Es difícil pensar en un escenario más propicio para defender una suspensión de las leyes de propiedad intelectual que el de una pandemia mundial, un argumento que ciertamente no es marginal en el contexto político actual. Además de una larga lista de activistas globales, los principales grupos de derechos humanos y los expertos en la materia de la ONU han sumado sus voces a la demanda de suspender las leyes sobre patentes. Sus llamamientos continúan lo iniciado por el movimiento por la justicia global de la década del 90 y principios de la del 2000, que puso en cuestión el papel que tuvo la OMC –junto con otras instituciones globales, como el Banco Mundial y el FMI– en la destrucción, a manos de las corporaciones, de las regulaciones nacionales en materia laboral, ambiental y de salud pública. Un punto clave de su crítica fue el enorme poder de las corporaciones estadounidenses en la OMC, que se revela hoy en su bloqueo de la propuesta para suspender las patentes de las vacunas contra el covid-19.

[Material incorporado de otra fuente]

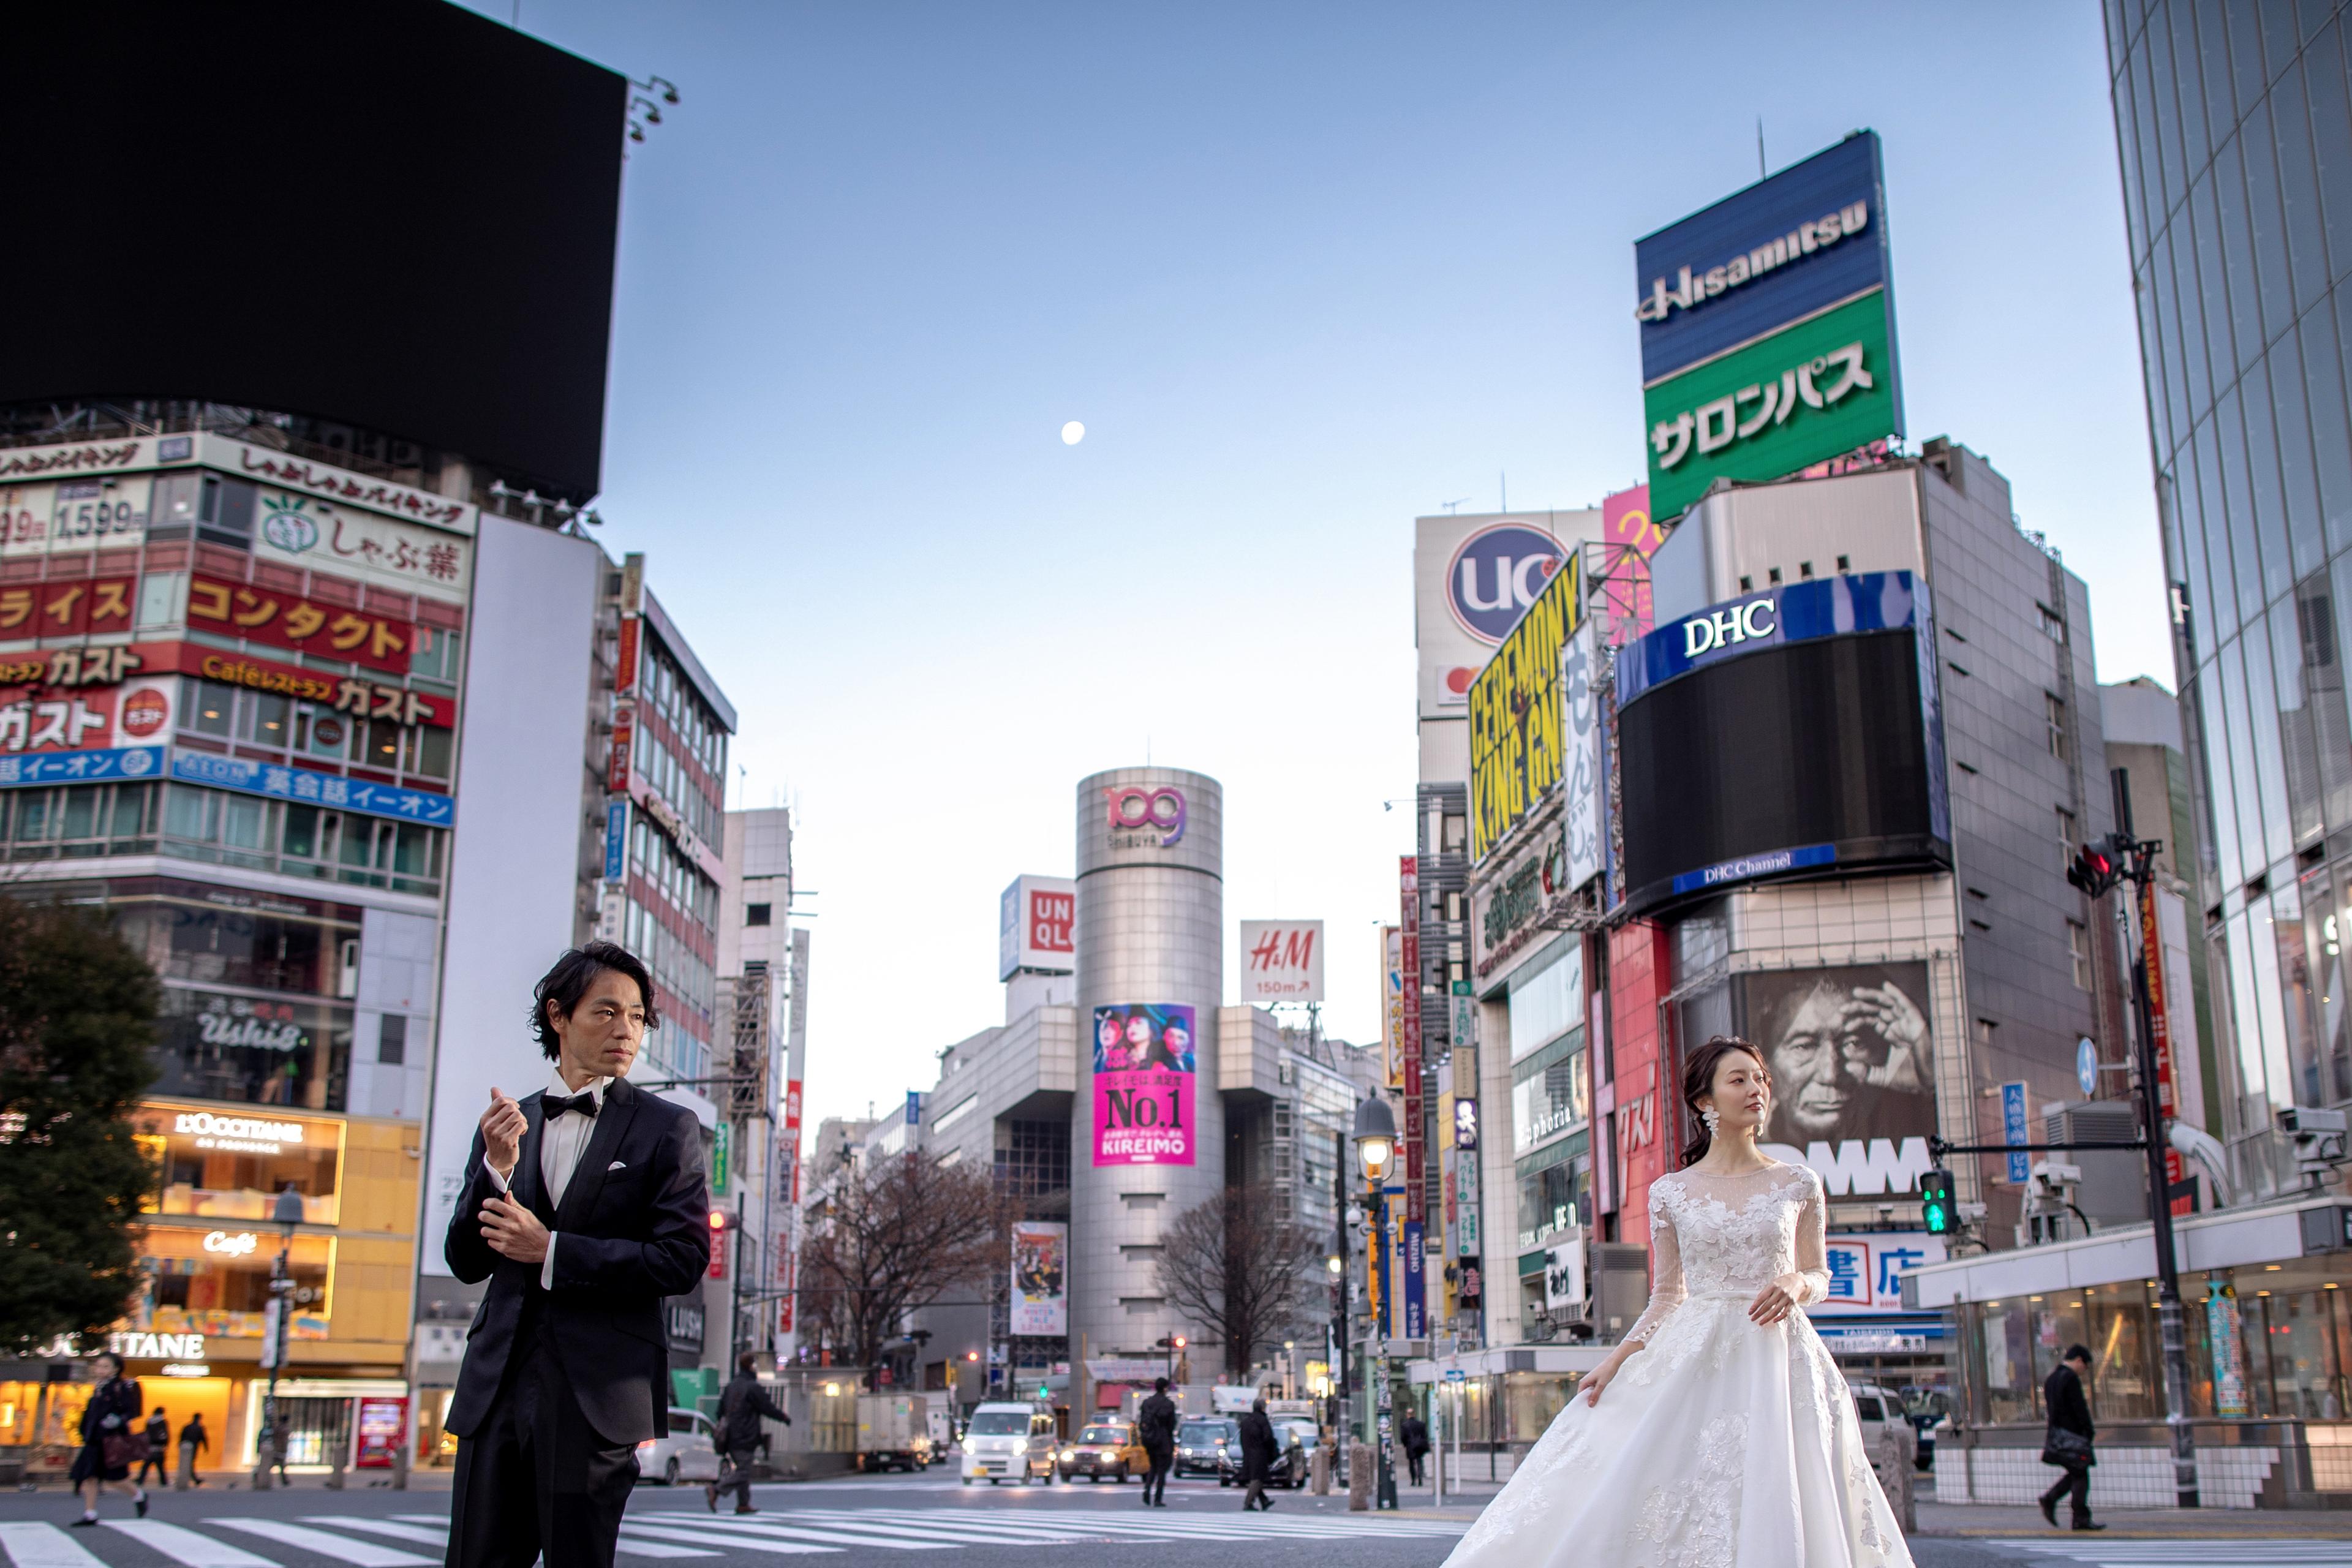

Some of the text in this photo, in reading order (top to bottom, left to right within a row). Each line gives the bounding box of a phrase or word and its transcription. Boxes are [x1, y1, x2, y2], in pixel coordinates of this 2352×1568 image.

Pfizer no es la única que se opone a pausar por un momento las reglas de propiedad intelectual. Las gremiales de la industria farmacéutica y empresas individuales, se han manifestado con toda su fuerza en contra de estas propuestas. «La influencia de la industria farmacéutica es enorme», señala Baker. «No hace falta decir que Trump apoyará estas corporaciones. Incluso Biden será presionado por la industria farmacéutica y tendrá enormes dificultades para hacer algo que a esta no le guste».

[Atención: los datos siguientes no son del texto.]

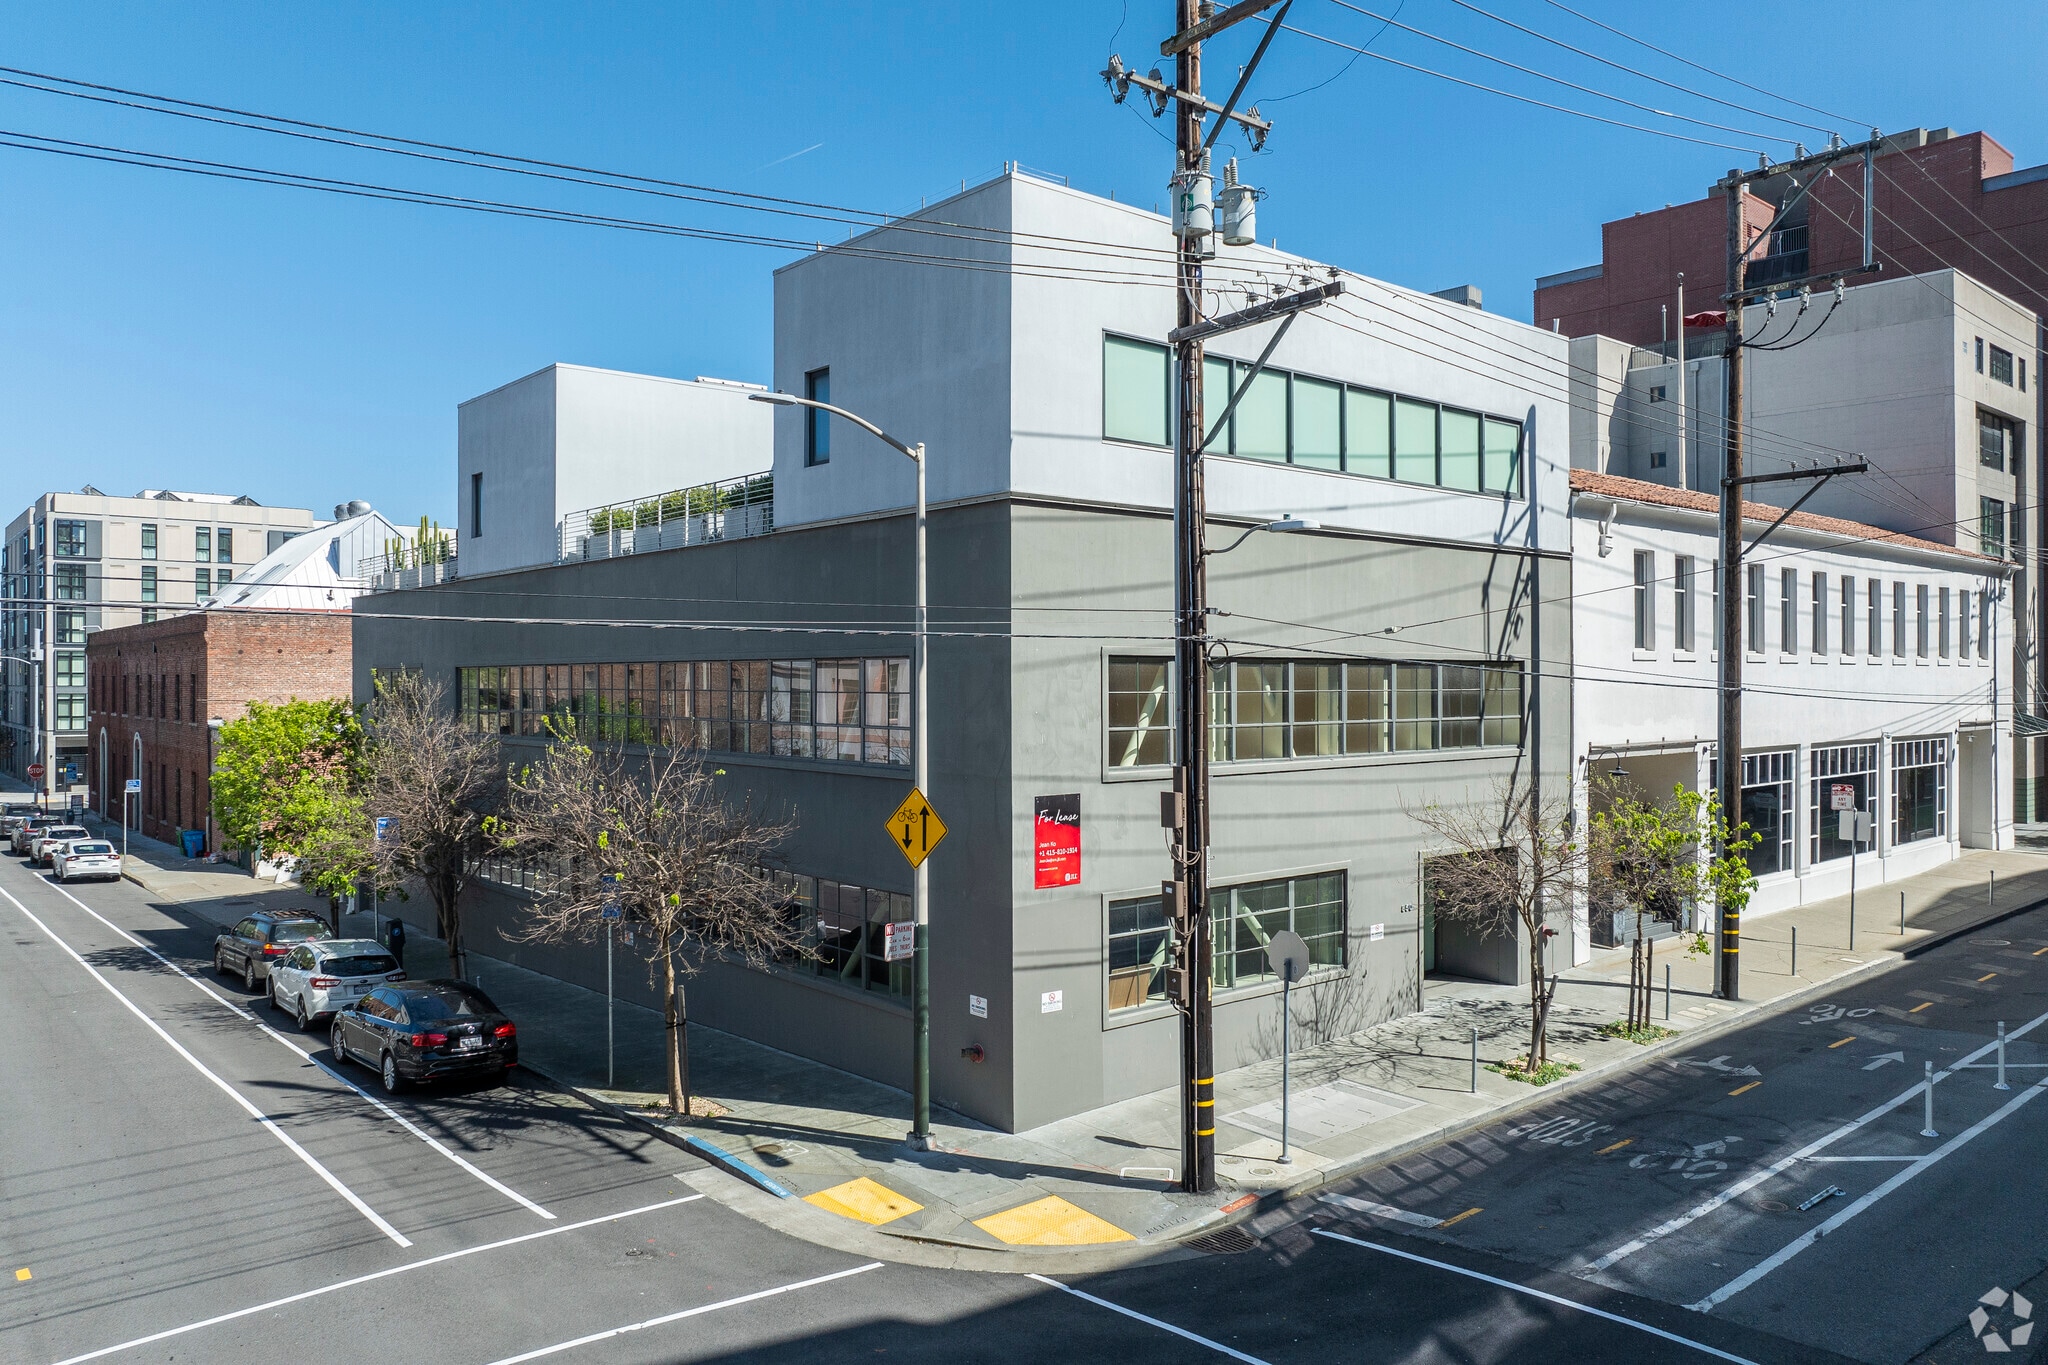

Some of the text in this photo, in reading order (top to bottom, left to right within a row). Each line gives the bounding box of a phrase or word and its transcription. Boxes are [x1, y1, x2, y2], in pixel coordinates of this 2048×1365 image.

[1038, 809, 1079, 825] For Lease
[886, 925, 894, 935] NO
[1507, 1116, 1615, 1146] STOP

La lucha sin cuartel de la industria farmacéutica por acaparar información que permitirá salvar vidas en plena pandemia contrasta con el gigantesco papel que ha tenido la financiación pública en el desarrollo de las vacunas (véase «Sálvese quien pague», Brecha, 18-XII-20). Sin embargo, con un costo estimado de 19,50 dólares estadounidenses por dosis en sus primeras 100 millones de dosis, la vacuna de Pfizer es demasiado costosa para muchos países pobres, particularmente a la luz de sus requisitos de almacenamiento. La compañía farmacéutica Astrazeneca, que produjo una vacuna junto con la Universidad de Oxford, se comprometió, en 2020, a facilitar el acceso de los países pobres a su producto y afirmó que no obtendrá ganancias durante lo que dure la pandemia. Pero, al mismo tiempo, «se ha reservado el derecho a declarar el fin de la pandemia a partir de julio de 2021», según señalan en el Times Prabhala, Jayadev y Baker.

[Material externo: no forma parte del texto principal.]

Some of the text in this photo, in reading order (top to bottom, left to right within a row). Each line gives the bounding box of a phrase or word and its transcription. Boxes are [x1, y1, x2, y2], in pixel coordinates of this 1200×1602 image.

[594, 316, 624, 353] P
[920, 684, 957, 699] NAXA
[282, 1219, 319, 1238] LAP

Se podría tomar un mapa de la pobreza mundial, colocarlo sobre un mapa de acceso a las vacunas y se obtendría una coincidencia virtual de uno a uno. «Estados Unidos, Reino Unido, Canadá y otros países están reservando dosis en proporciones que superan con creces el tamaño de sus poblaciones», informó en diciembre The New York Times, «mientras que muchas naciones pobres luchan por asegurarse apenas lo suficiente» (15-XII-20). Es el resultado lógico de un sistema diseñado desde el principio para reforzar estructuras de poder existentes desde hace mucho tiempo y heredadas de un sistema colonial. Independientemente de las intenciones que se haya tenido, se dejará morir una vez más a las naciones negras y pardas, mientras que los países ricos del Norte global exceden con creces sus propias necesidades. Dado el riesgo de que podamos ver un apartheid global de la distribución de vacunas, en el que los países pobres continúan enfrentando pérdidas devastadoras mientras que los países ricos persiguen la inmunidad colectiva, no parece que alcance con vagas garantías de benevolencia empresarial. Como dice Baker, «¿no querría usted que todas las vacunas estuvieran disponibles tanto como sea posible?».

(Publicado originalmente en In These Times con el título «Pfizer Helped Create the Global Patent Rules. Now it’s Using Them to Undercut Access to the Covid Vaccine». Traducción y titulación en español de Brecha.)